Mas tudo isto é a outra face, a nível político-militar, de uma globalização económica capitalista, em nome do mais “mercado livre”, que não pode ser explicada, como por vezes se afirma, apenas pelas interconexões tecnológicas revolucionárias das últimas décadas, como se fosse o resultado inelutável; pelo contrário, põe em causa uma vontade precisa de uniformizar o mundo para alcançar um certo domínio unipolar; ou seja, não existe uma globalização automática e neutra, mas apenas aquela favorecida por estratégias geopolíticas complexas. Mas se tal critério interpretativo é legítimo, então segue-se logicamente que qualquer estrutura institucional não conforme com a perfeição proclamada do liberal-democrata é passível de anátema, pois pode colocar-se parcial ou totalmente fora do referido desenho de domínio planetário. Que é, de facto, o que acontece!

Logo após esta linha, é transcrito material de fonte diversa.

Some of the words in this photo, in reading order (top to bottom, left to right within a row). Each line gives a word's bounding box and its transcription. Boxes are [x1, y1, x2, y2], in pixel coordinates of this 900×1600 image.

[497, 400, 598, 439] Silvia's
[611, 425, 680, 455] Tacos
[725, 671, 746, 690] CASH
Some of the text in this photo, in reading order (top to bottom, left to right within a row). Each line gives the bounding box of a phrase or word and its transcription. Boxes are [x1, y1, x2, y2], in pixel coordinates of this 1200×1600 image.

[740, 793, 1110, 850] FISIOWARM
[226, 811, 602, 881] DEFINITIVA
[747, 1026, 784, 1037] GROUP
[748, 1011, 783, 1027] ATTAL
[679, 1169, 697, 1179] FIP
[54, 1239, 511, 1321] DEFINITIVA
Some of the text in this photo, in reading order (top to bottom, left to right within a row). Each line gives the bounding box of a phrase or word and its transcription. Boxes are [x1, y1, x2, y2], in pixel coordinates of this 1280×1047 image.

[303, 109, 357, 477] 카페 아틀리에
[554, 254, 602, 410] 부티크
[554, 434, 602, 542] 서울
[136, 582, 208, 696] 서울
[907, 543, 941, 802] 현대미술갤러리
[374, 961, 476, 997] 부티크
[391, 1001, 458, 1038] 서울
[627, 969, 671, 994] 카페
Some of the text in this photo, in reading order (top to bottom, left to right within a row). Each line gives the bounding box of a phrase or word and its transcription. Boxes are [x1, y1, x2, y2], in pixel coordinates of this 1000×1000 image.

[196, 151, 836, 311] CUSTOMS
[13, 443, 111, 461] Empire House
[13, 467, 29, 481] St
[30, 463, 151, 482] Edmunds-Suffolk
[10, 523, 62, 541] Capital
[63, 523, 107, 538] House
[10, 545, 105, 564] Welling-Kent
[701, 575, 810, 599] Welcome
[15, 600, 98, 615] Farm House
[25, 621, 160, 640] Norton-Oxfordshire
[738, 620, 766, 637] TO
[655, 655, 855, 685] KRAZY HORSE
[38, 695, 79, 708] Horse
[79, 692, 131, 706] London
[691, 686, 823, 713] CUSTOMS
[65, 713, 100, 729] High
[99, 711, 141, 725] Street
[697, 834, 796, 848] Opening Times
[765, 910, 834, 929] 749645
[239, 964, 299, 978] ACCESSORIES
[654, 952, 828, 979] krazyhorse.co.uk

Não é, pois, surpreendente que a “autocracia” russa, assim chamada no juízo ocidental não-objectivo (quando na realidade não é de todo difícil, pelo contrário, observar e estudar a sua natureza como uma fórmula institucional complexa e evolutiva), detestada mais do que nunca pelo próprio comunismo soviético, seja vista pela América como um obstáculo, como de facto é, aos seus planos de hegemonia unipolar; Mas é surpreendente que esta mesma avaliação seja também partilhada pela Europa que, após o colapso da URSS, se libertada da vassalagem americana, se mais cautelosa em virtude da riqueza da sua cultura e experiências históricas, poderia e deveria ter encontrado com a Rússia, em todos os domínios, formas de entendimento, equilíbrios lucrativos, formas de compreensão mútua, respeitando a sua identidade muito especial e muitas especificidades. Uma orientação que só é claramente possível na condição de que o fanatismo liberal-democrático que visa impor compulsivamente um único vestido às diferentes fisionomias dos povos seja colocado para descansar. Assim, para uma política europeia clarividente que fosse pelo menos um pouco independente da americana, teria parecido em primeiro lugar absolutamente paradoxal que, no preciso momento em que a Rússia (um país vizinho, não do outro lado do Oceano) estava a despir o seu traje soviético e a ver o sistema dos seus países satélites dissolver-se, não devesse favorecer o seu novo caminho não comunista com relações pacíficas e amistosas, e vice-versa tirar partido das suas convulsões internas em todos os domínios para desafiar, com interferências hostis sem escrúpulos, áreas históricas de influência, como a actual Ucrânia (que poderia ter prosperado como ponte politicamente neutra entre o Oriente e o Ocidente) e minar, objectivamente e não apenas na sua percepção, a sua segurança (com um alargamento conspícuo, rápido e injustificado da Aliança Atlântica).

Infelizmente, esta Europa actual, ainda incapaz, após quase oitenta anos, de conceber algo diferente da ordem geopolítica que emergiu da Segunda Guerra Mundial, adoptando uma posição em relação à Rússia substancialmente idêntica à tomada durante décadas (mais compreensivelmente) em relação à União Soviética, ao ponto de inventar mesmo o argumento de uma clara irreconciliação e, portanto, de uma coexistência impossível entre “democracia liberal” e “autocracia”, só poderia obter, como resultado não muito brilhante, uma pronunciada caracterização asiática do imenso país; se, em benefício do “velho continente”, é legítimo expressar não poucas dúvidas sérias!